**Problem requirements**
Give each line of the records again exactly and omit every picture.
--- START ---
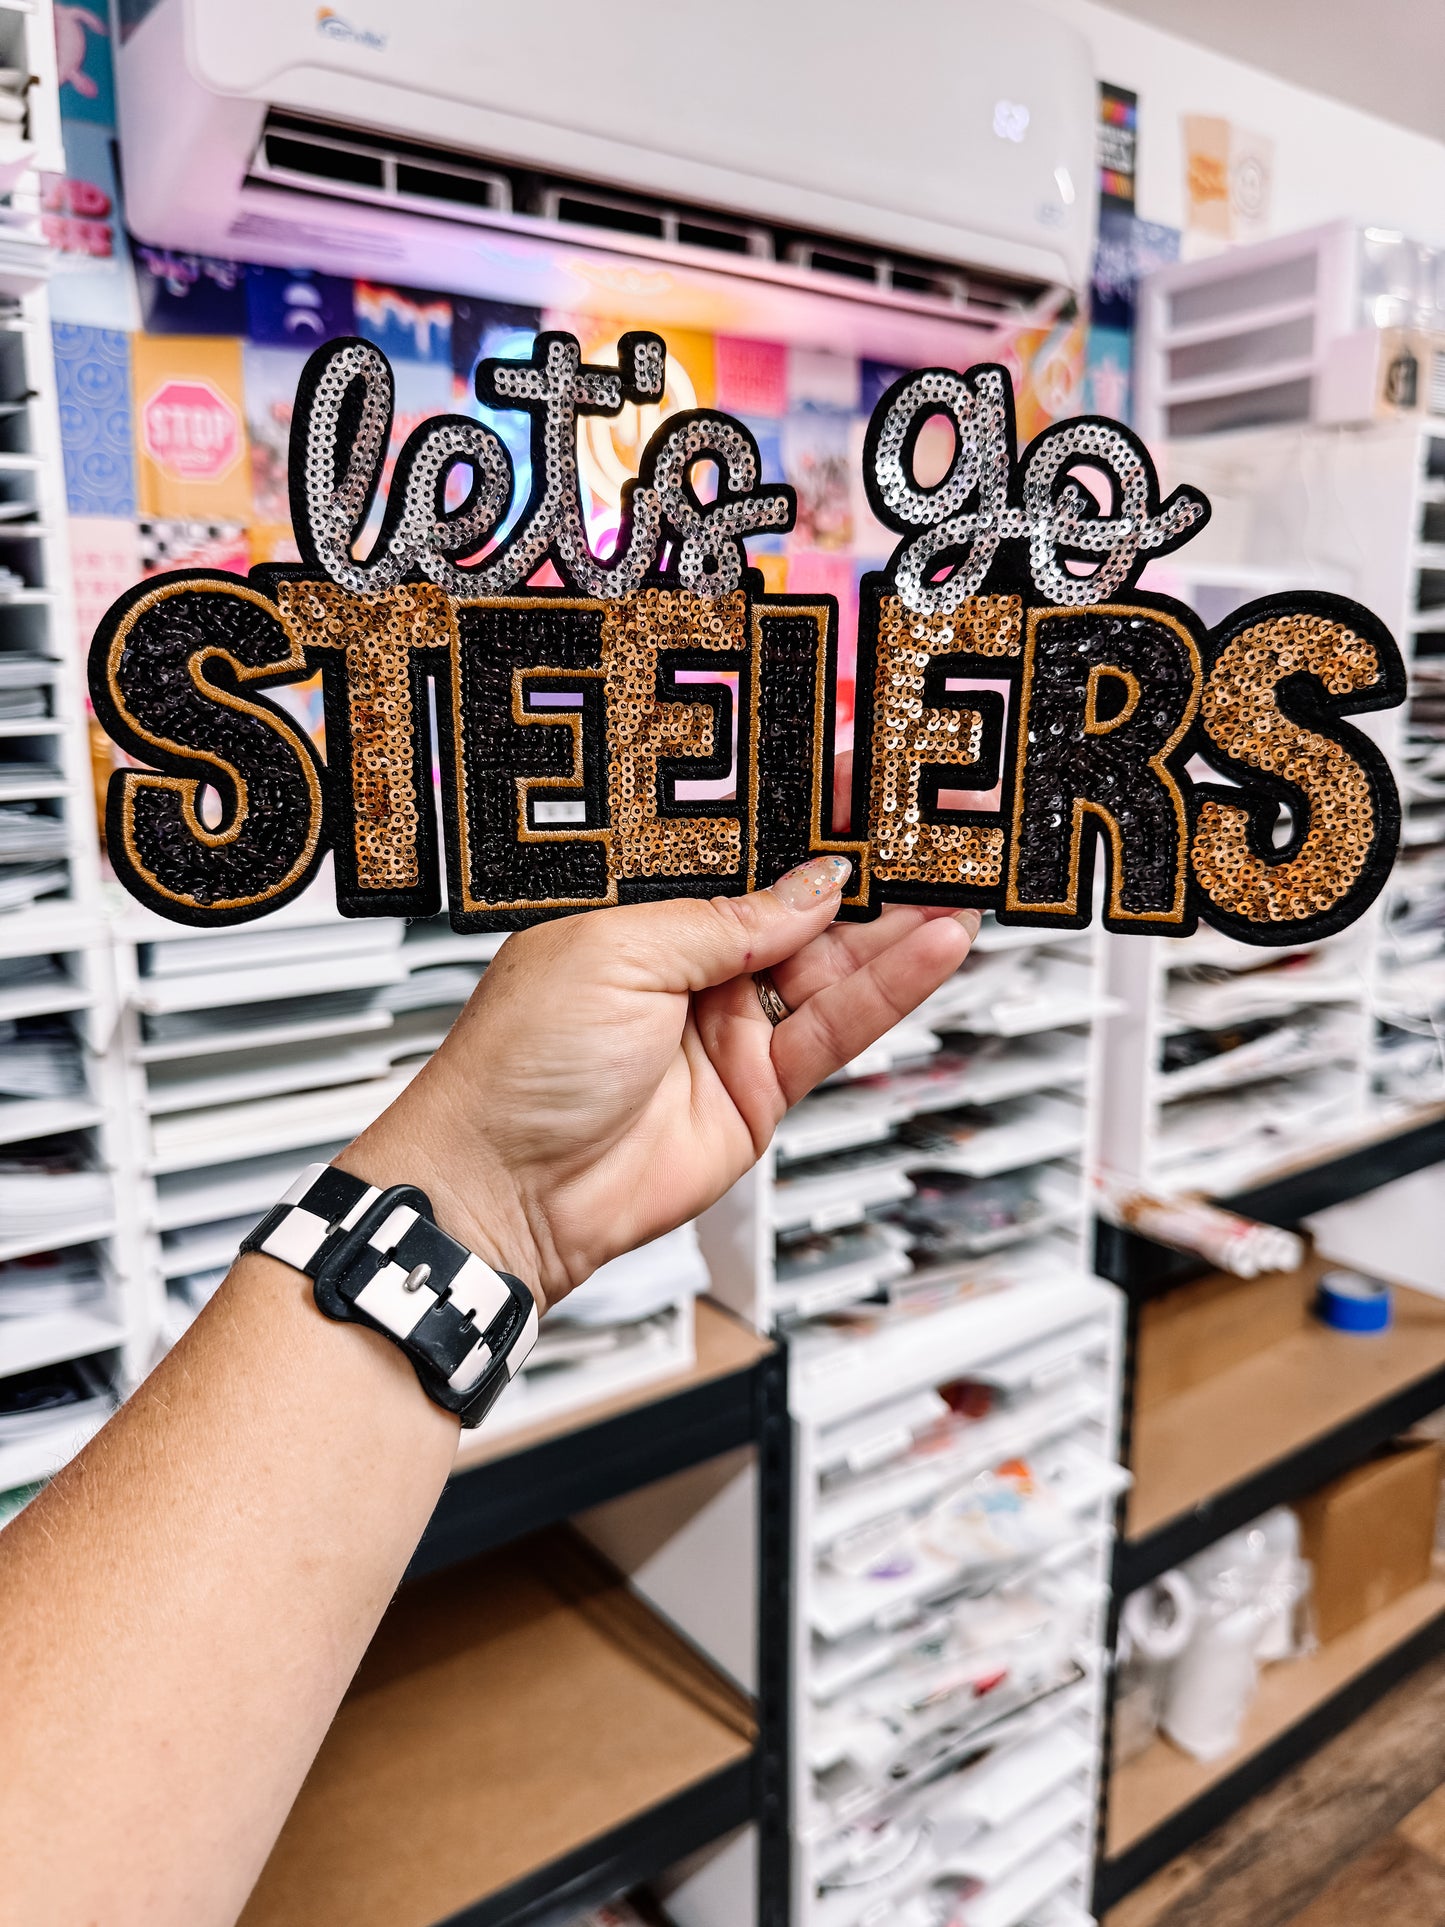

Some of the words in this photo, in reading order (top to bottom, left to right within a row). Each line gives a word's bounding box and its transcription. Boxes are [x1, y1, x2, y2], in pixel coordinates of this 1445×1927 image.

[148, 404, 234, 448] STOP
[300, 336, 792, 600] let's
[869, 367, 1206, 614] go
[103, 576, 1386, 928] STEELERS
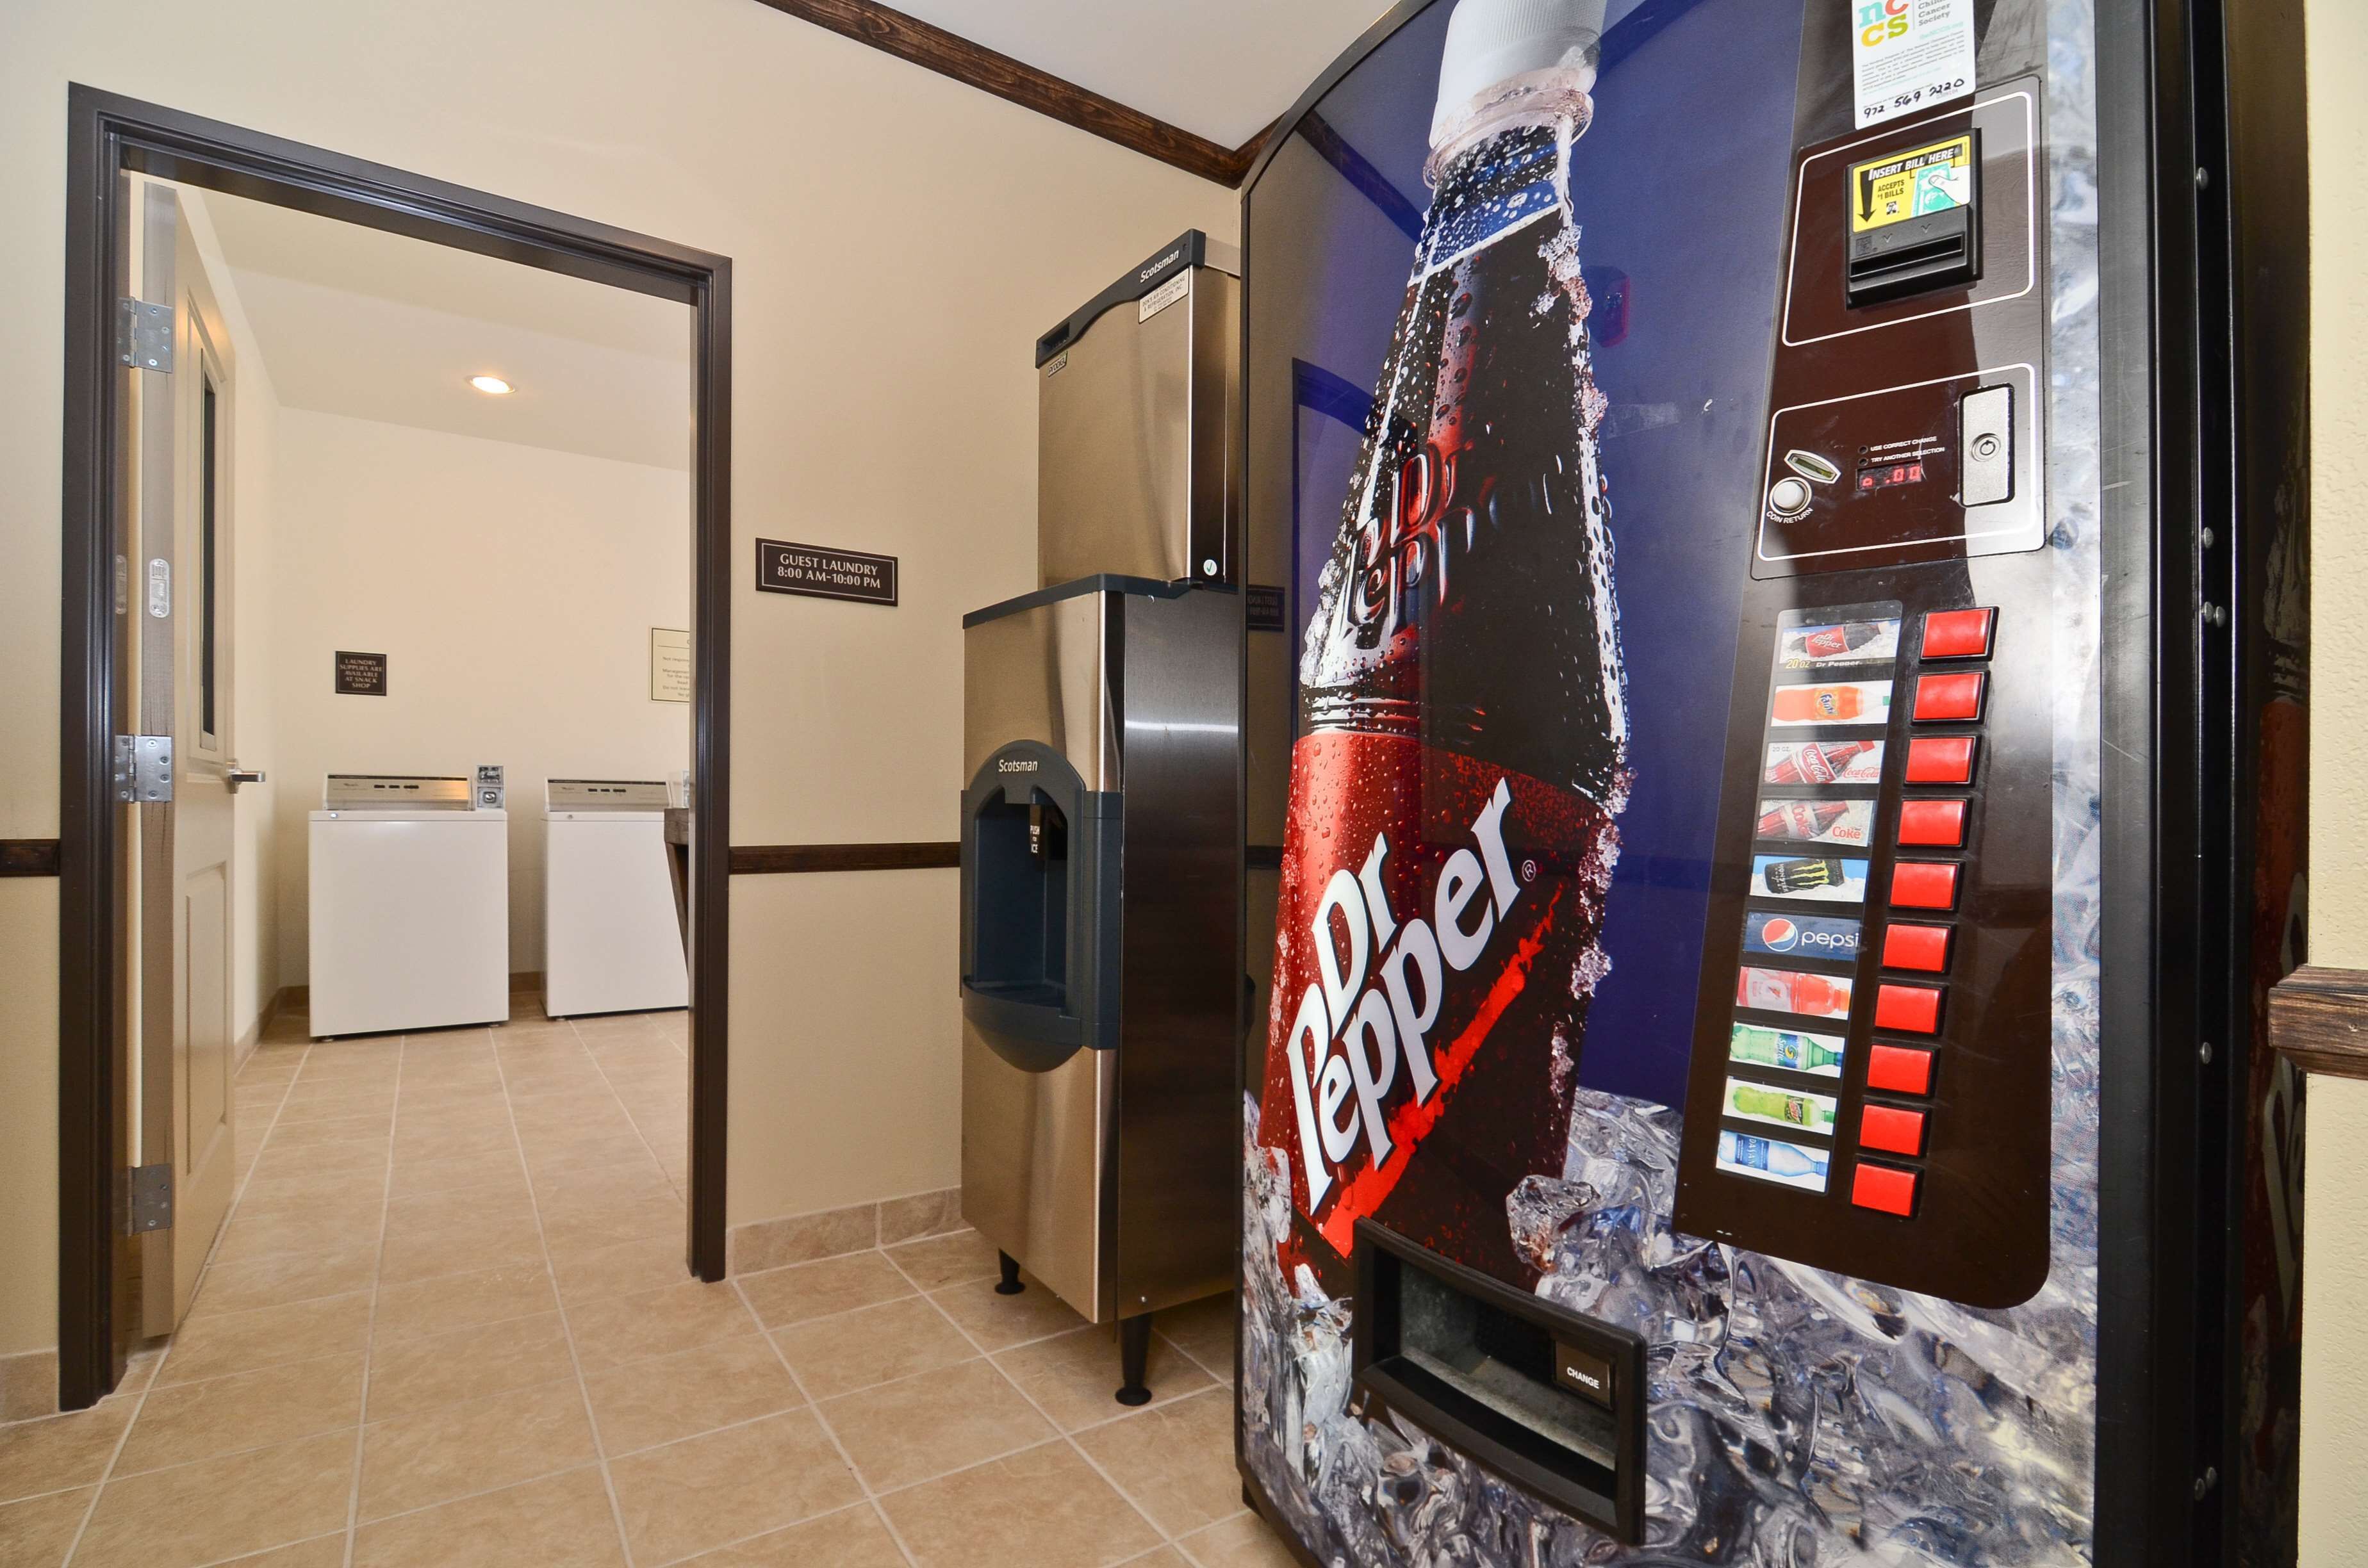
--- END ---
**Answer box**
Some of the words in this photo, in reading order (top to bottom, left to right within a row). Each line gives a word's bounding box and its transcription. Boxes are [x1, y1, x2, y2], in pixel coordinates of this 1445×1927 image.

[148, 404, 234, 448] STOP
[300, 336, 792, 600] let's
[869, 367, 1206, 614] go
[103, 576, 1386, 928] STEELERS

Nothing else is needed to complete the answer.